En la vida real, la muerte suele ser menos espectacular que en literatura o en cine. Antes de que sencillamente se nos pare el corazón no solemos estar para grandes lucimientos, frases profundas, despedidas solemnes o miradas intensas — la gente se va sin despedirse, postrada en malas condiciones o tan aprisa y precipitadamente que no le da tiempo ni a enterarse de que se terminó la función, en un bendito final que ya quisiéramos todos.
Un buen morir se prepara en vida, cuando se está en forma y con ganas de pensar en testamentos y cosas varias. Todos aspiramos a una muerte digna, a dejar un buen recuerdo a los que queremos, a un pueblo o a la humanidad entera en el caso de ser persona que va a dejar huella.
Lo que todos evitamos mientras nos queda un soplo de razón es ser cobardes, por los demás, por nosotros mismos y por esos valores que hemos defendido a capa y espada.
No es lo mismo la realidad que la ficción pero todos sabemos de vidas que, bien contadas, no tendrían que envidiar a una tragedia griega o shakespeareana.
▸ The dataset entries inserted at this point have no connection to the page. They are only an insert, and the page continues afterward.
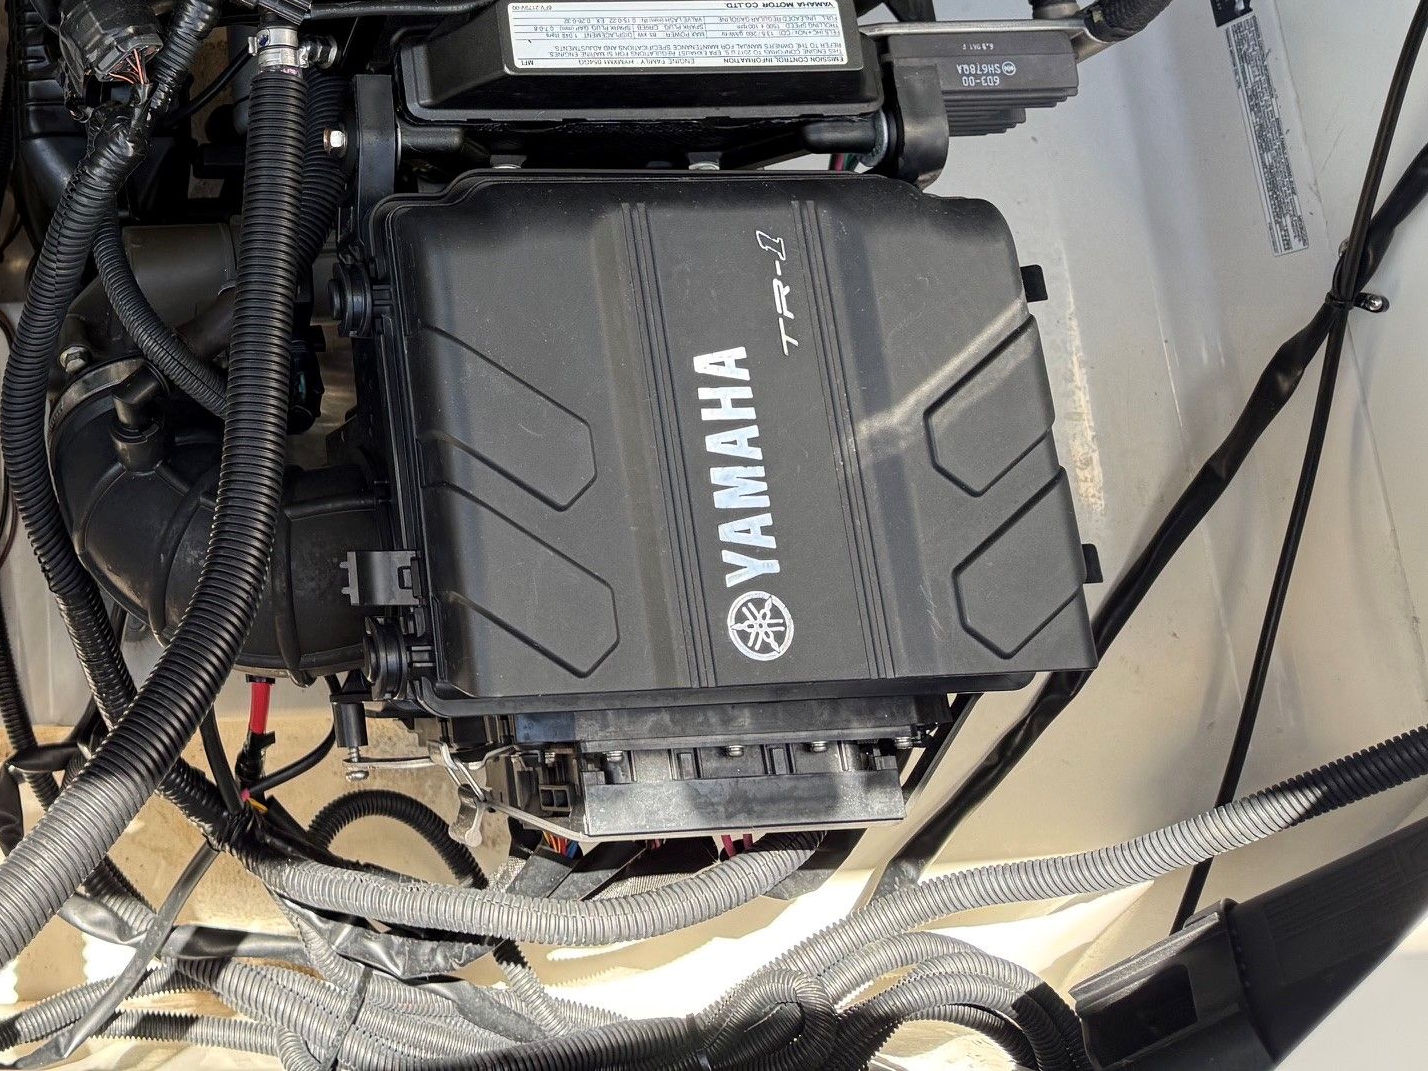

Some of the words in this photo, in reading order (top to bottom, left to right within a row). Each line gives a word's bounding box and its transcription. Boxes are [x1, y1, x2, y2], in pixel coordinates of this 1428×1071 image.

[956, 64, 1001, 74] SH678QA
[962, 76, 1000, 86] 6D3-00
[756, 230, 799, 356] TR-1
[693, 346, 781, 588] YAMAHA
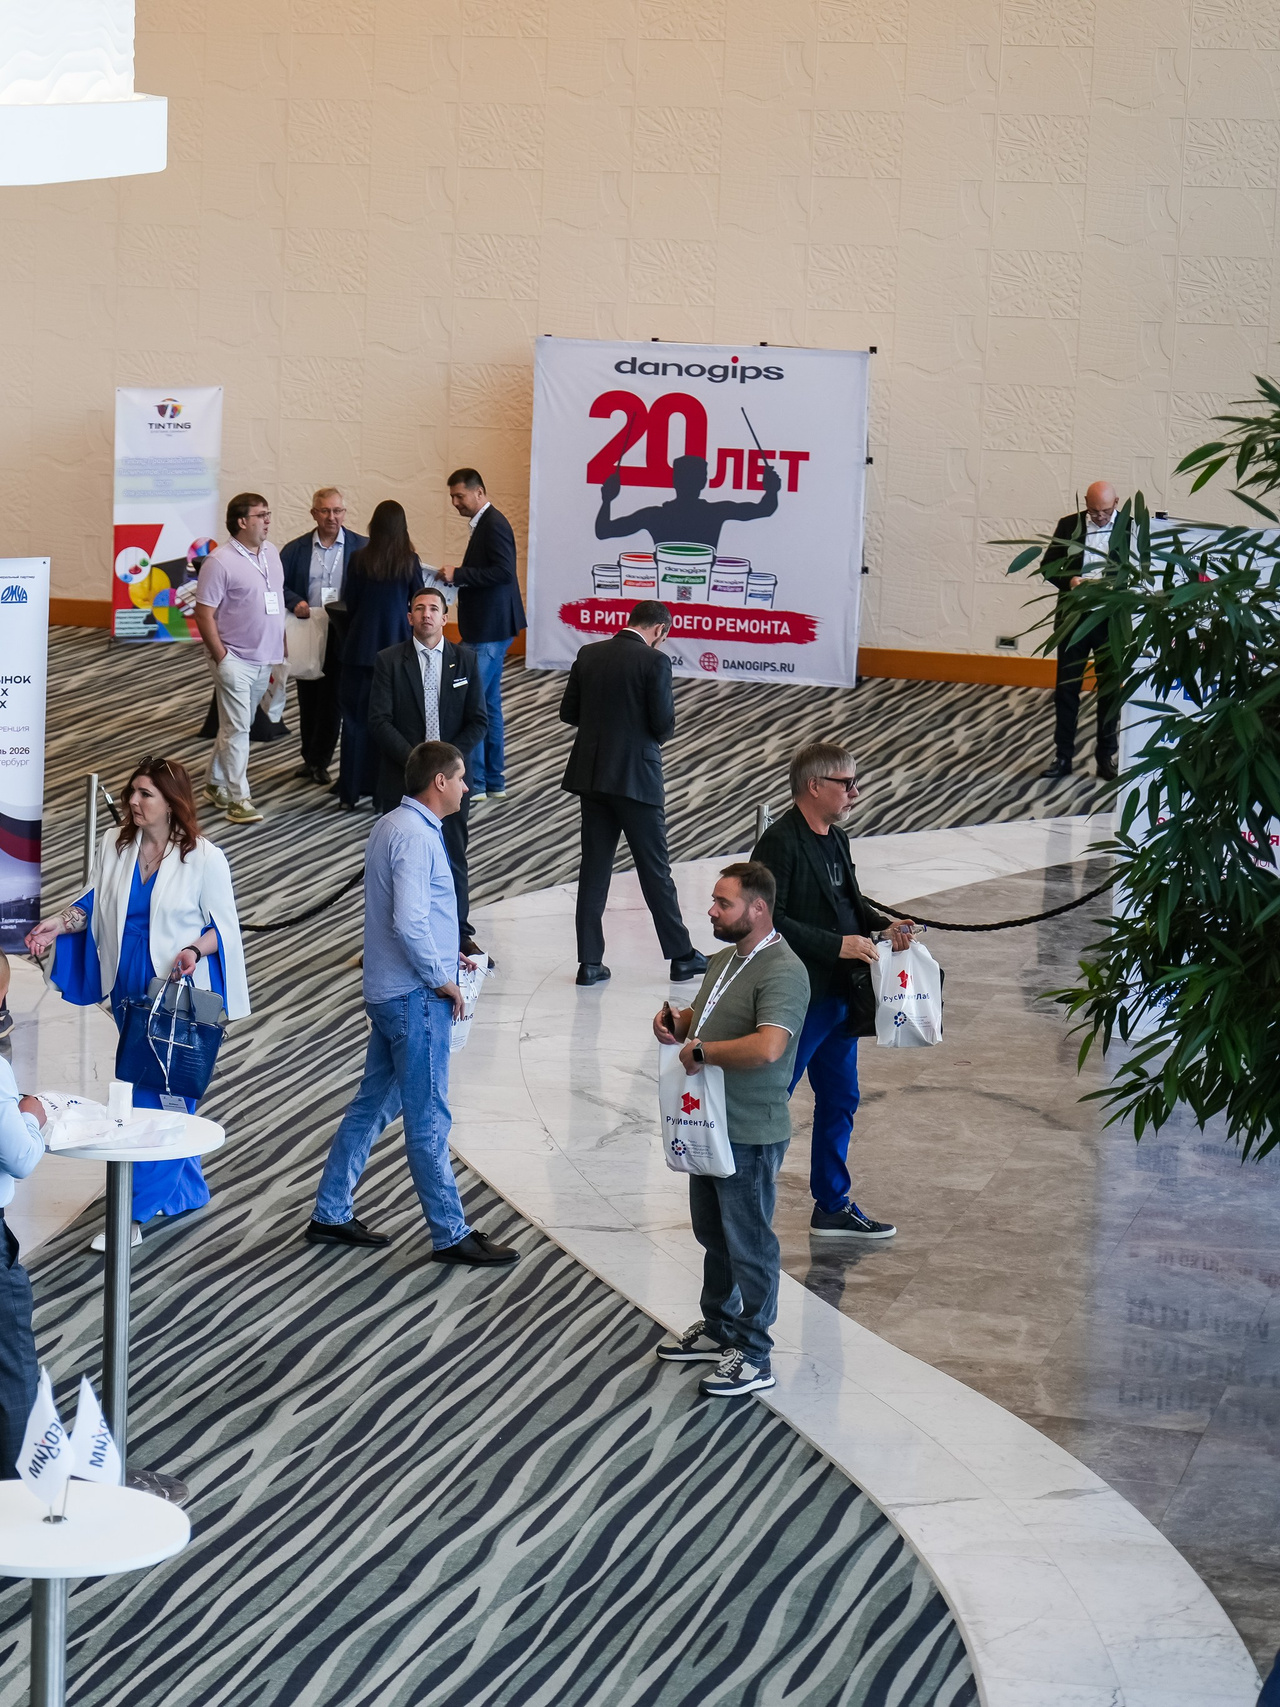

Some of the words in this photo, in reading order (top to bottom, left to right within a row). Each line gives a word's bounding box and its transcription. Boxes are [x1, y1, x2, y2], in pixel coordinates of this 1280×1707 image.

[614, 356, 785, 384] danogips
[148, 422, 192, 430] TINTING
[586, 390, 708, 489] 20
[709, 448, 810, 492] ЛЕТ
[664, 566, 707, 574] danogips
[1, 585, 28, 603] OMYA
[580, 610, 591, 624] В
[670, 615, 712, 630] ОЕГО
[716, 618, 791, 636] РЕМОНТА
[722, 659, 795, 673] DANOGIPS.RU
[9, 747, 30, 755] 2026
El sátrapa libio que acaba de ser asesinado es un personaje de esos que daba para una novela, la de las bajezas a que puede llevar el delirio de un megalómano histriónico y provocador, déspota, sanguinario disfrazado de príncipe beduino ataviado con ridículos uniformes con que quería ser el rey de los reyes de África, el imán de los musulmanes.
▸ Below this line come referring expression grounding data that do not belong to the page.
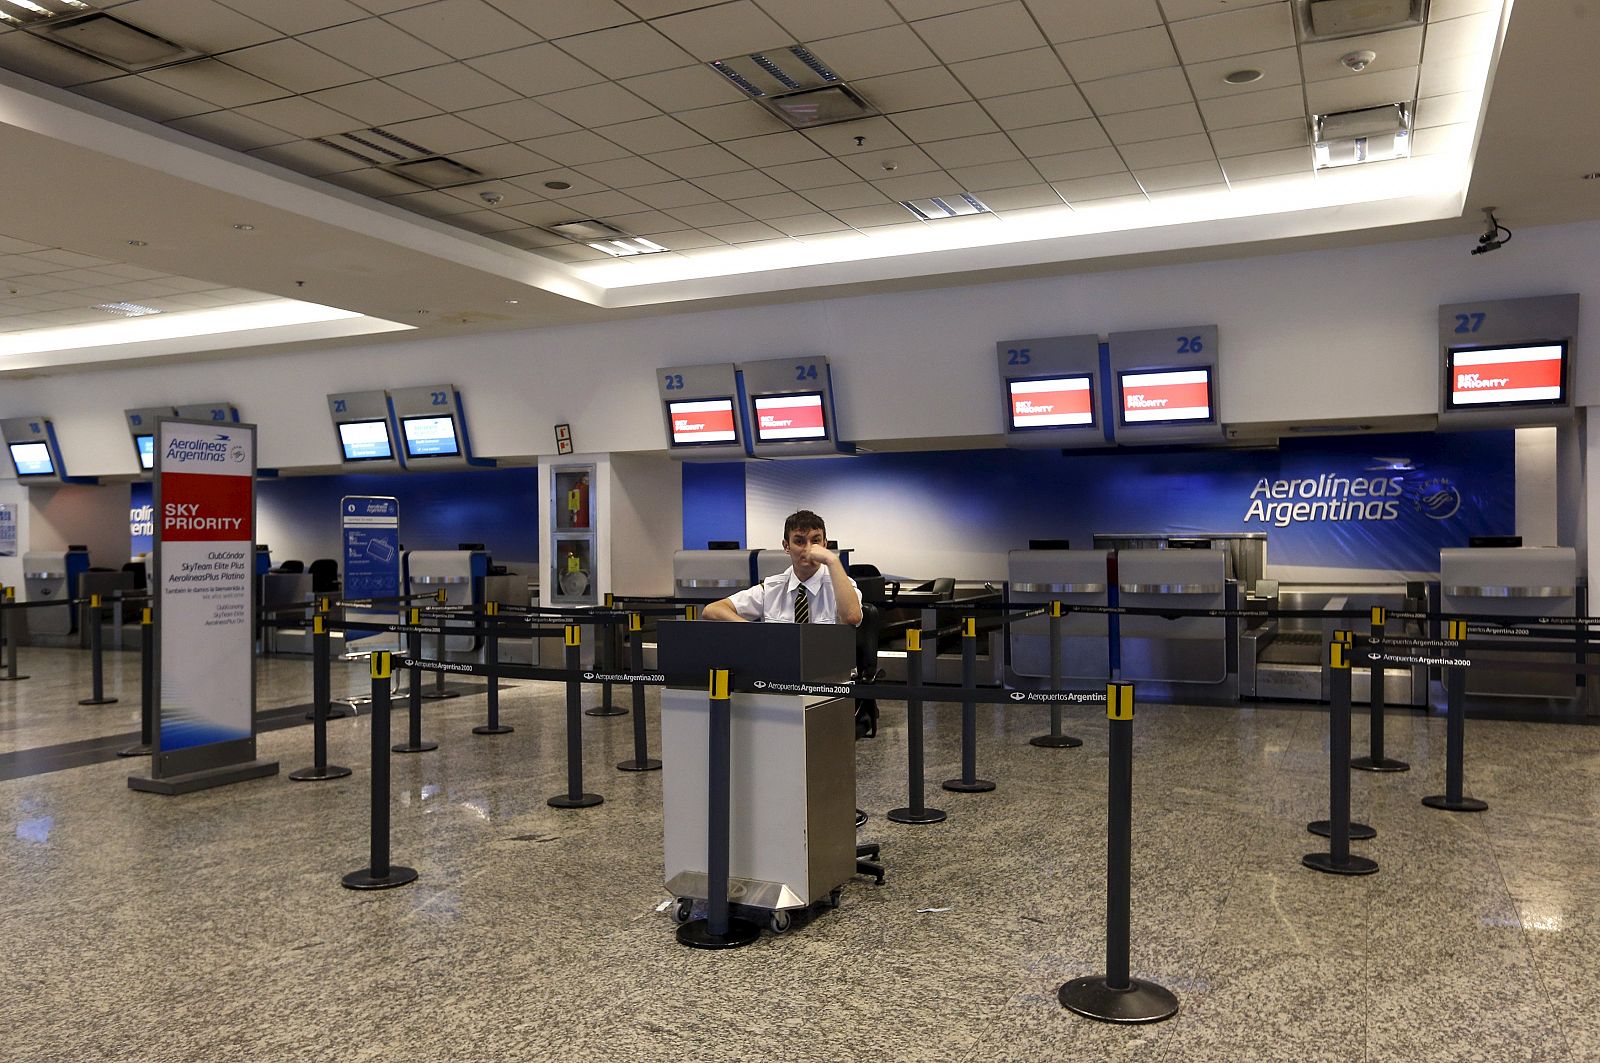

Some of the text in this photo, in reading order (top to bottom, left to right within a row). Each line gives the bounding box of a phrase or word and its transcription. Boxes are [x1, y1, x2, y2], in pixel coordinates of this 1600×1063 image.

[1454, 312, 1486, 334] 27
[1177, 336, 1203, 354] 26
[1007, 349, 1030, 365] 25
[795, 365, 818, 381] 24
[665, 375, 684, 390] 23
[431, 392, 448, 405] 22
[334, 399, 348, 412] 21
[211, 410, 225, 421] 20
[169, 438, 228, 452] Aerolíneas
[166, 449, 226, 462] Argentinas
[1249, 473, 1404, 499] Aerolíneas
[165, 503, 200, 516] SKY
[1243, 498, 1400, 528] Argentinas
[165, 517, 242, 529] PRIORITY
[181, 561, 245, 572] SkyTeam Elite Plus
[221, 572, 245, 580] Platino
[1412, 639, 1444, 647] Argentina
[1383, 653, 1418, 663] Aeropuertos
[1418, 656, 1454, 665] Argentina
[437, 662, 461, 671] Argentina
[595, 672, 665, 683] Aeropuertos Argentina 2000
[768, 681, 850, 694] Aeropuertos Argentina 2000
[1027, 692, 1107, 703] Aeropuertos Argentina
Oprimió y saqueó a su pueblo hasta límites insoportables, ejecutó tríbus enteras, coqueteó con el terrorismo, robó y estafó; así es "fácil"mantener el orden, eliminando cobardemente a todos los que pueden representar el más mínimo peligro, aplastando a los desvalidos e indefensos.
También para un mandatario es de una vergonzosa cobardía esconderse en una alcantarilla y salir a rastras pidiendo compasión a los que desde el poder llamaba ratas y pretendía matar uno por uno. Salió como lo que era, un chulo de pacotilla con esa pistola dorada en la mano tan hortera como él.
Si Alá estaba por allá, acaso quiso recordarle algo al Muammar, enviarle un mensaje antes de que se quedara aturdido, que fuese aquello lo último que viese con ojos de ver: el déspota llevó su mano asesina a un ojo y luego la miró con espanto bañada en sangre, todo un símbolo de lo que fue su mandato. Solo que esta vez la sangre era la suya.
A continuación le quitó la vida un puñado de hombres cargados de cuarenta años de rabia y frustración.